Athough there are currently strong structural trends that affect real estate decisions globally – the rising cost of capital, inflation, energy prices and all the implications –it is wise to look at the long-term trends to assess the structural factors that will change the world in the future, said Savills director, world research, Eri Mitsostergiou.
Interviewed at EXPO Real recently, she said that these longer term factors include climate change, social factors, demographics as well as geopolitics. “These are crucial for investment decisions across the world,” she said.
“Remote working is creating a lot of uncertainty in the market and we hear every day of big companies releasing or subletting space.”

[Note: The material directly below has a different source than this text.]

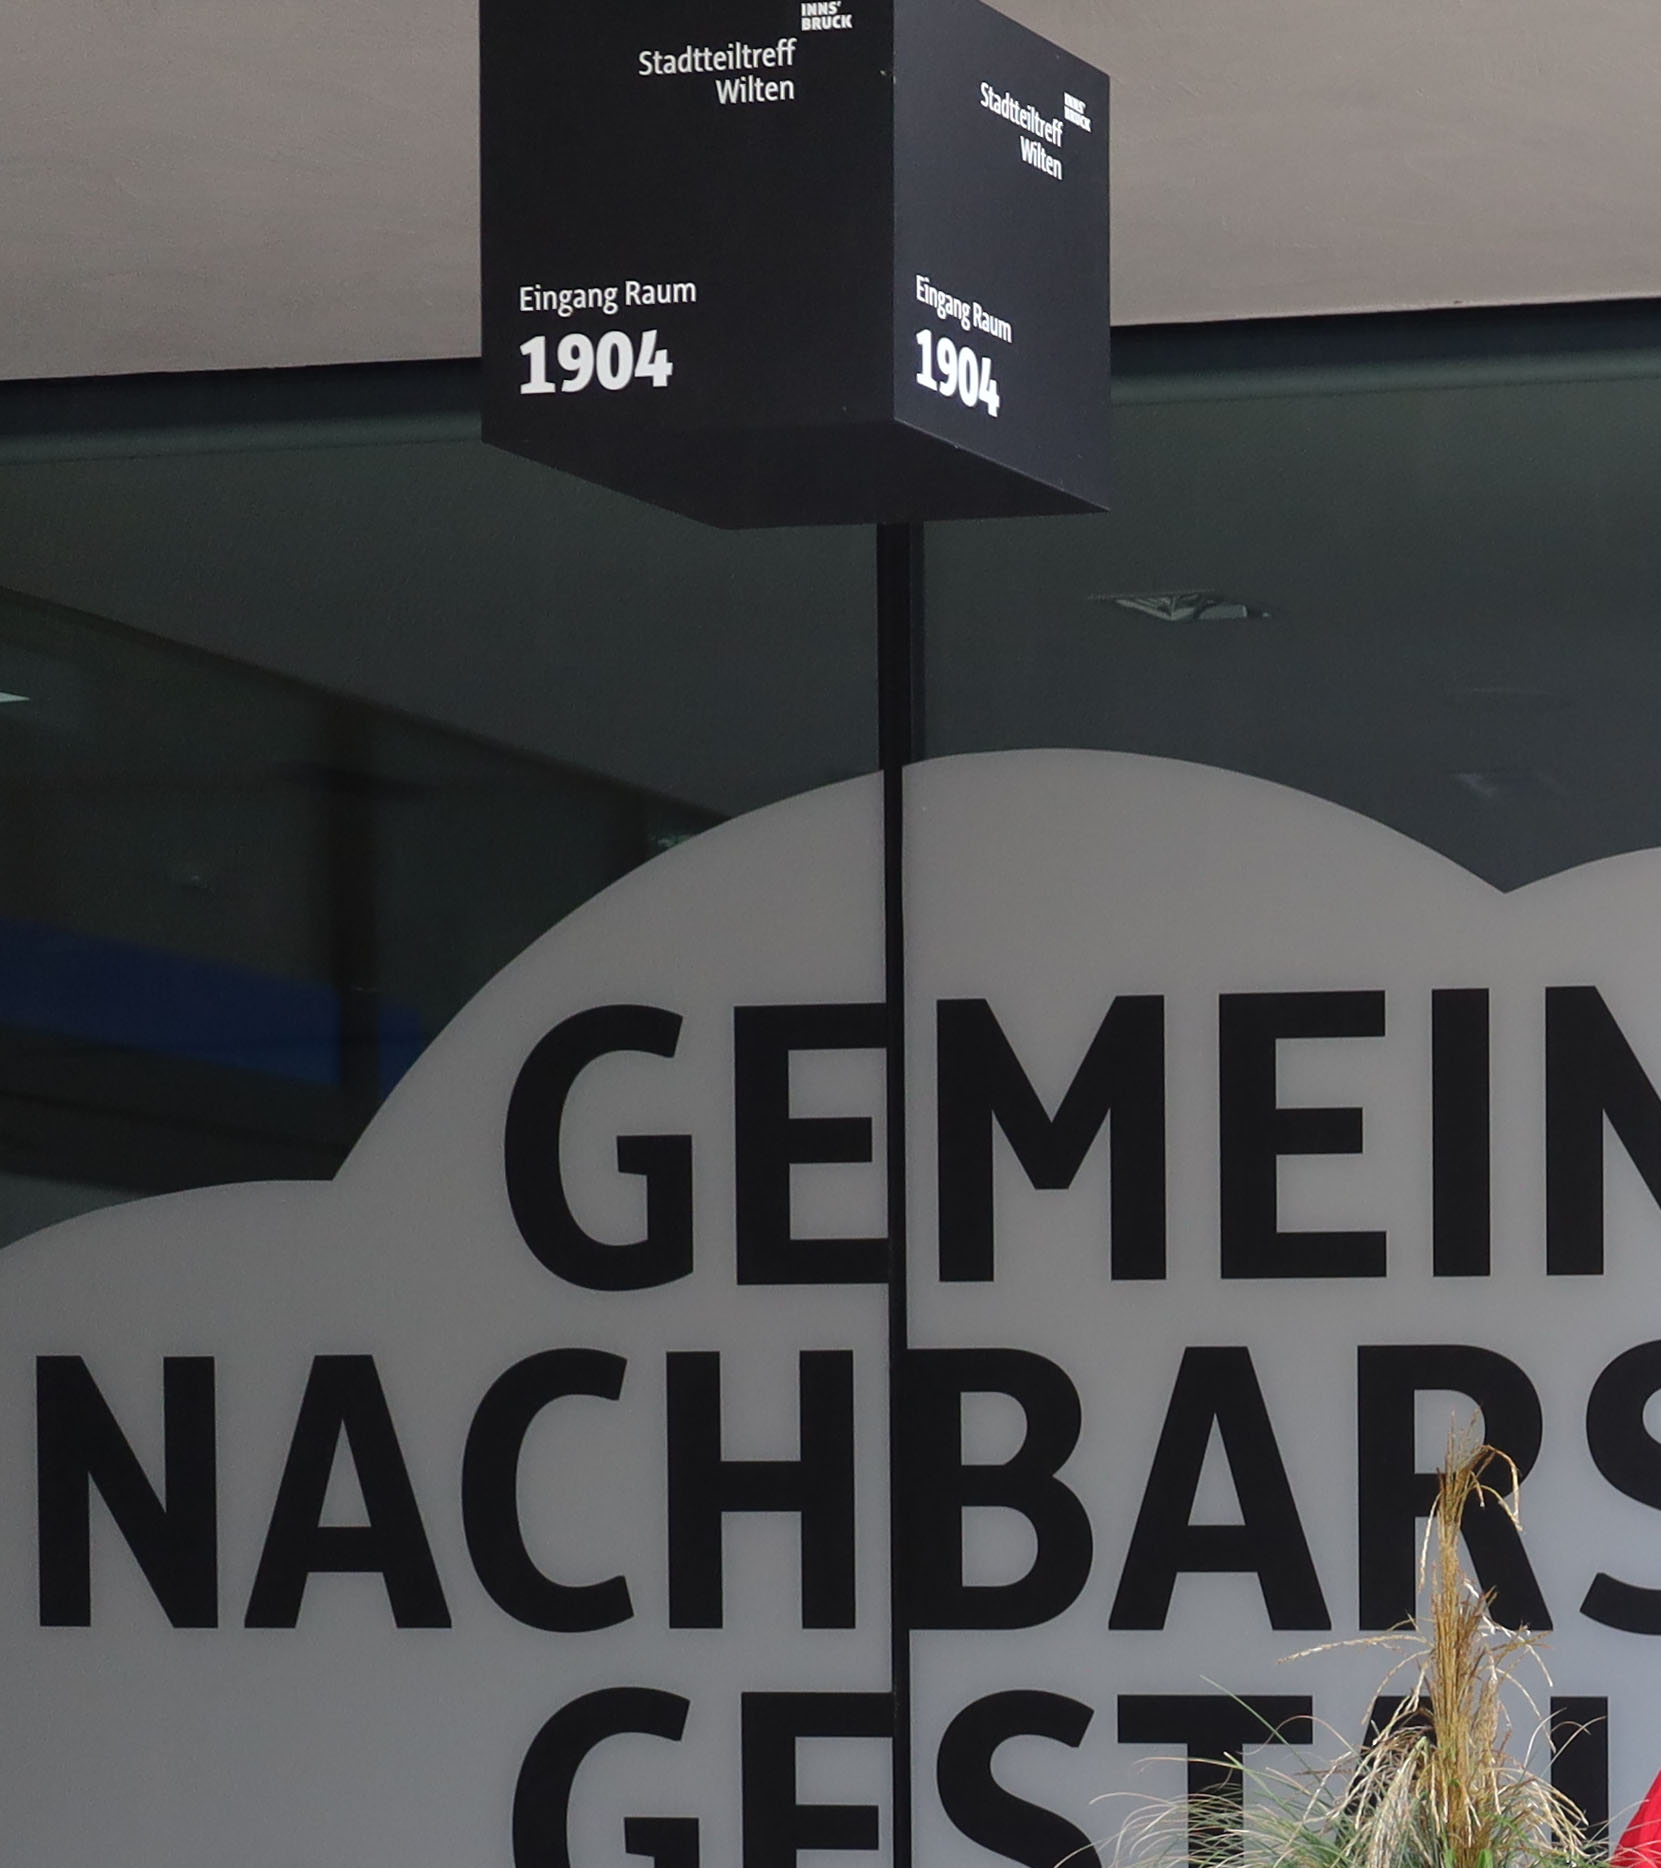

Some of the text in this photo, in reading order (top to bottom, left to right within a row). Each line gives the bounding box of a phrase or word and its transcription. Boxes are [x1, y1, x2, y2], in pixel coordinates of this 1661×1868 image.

But she pointed out that these are just the headlines. “We also have small and medium-sized companies that may behave a bit differently. They may maintain more of their workspace. We also see that people need a lot of co-working and collaborating space when they return to the office so that increases the need for space for people to work together.”
“We are still at a stage where we are trying to balance and understand exactly what people’s needs are and what the factors are that are going to bring them back to the office.”
And there are growth sectors driving demand at the moment, she said, such as the huge demand for logistics space around the world’s logistics hubs. “That has been driving prices and rents.”
But the structural factors and demographic trends that will create demand for new sectors in the future mean that alternative sectors such as care homes/senior housing, student housing and data centres are three examples that come to mind as growth sectors going forward which have already seen an increase in investor demand.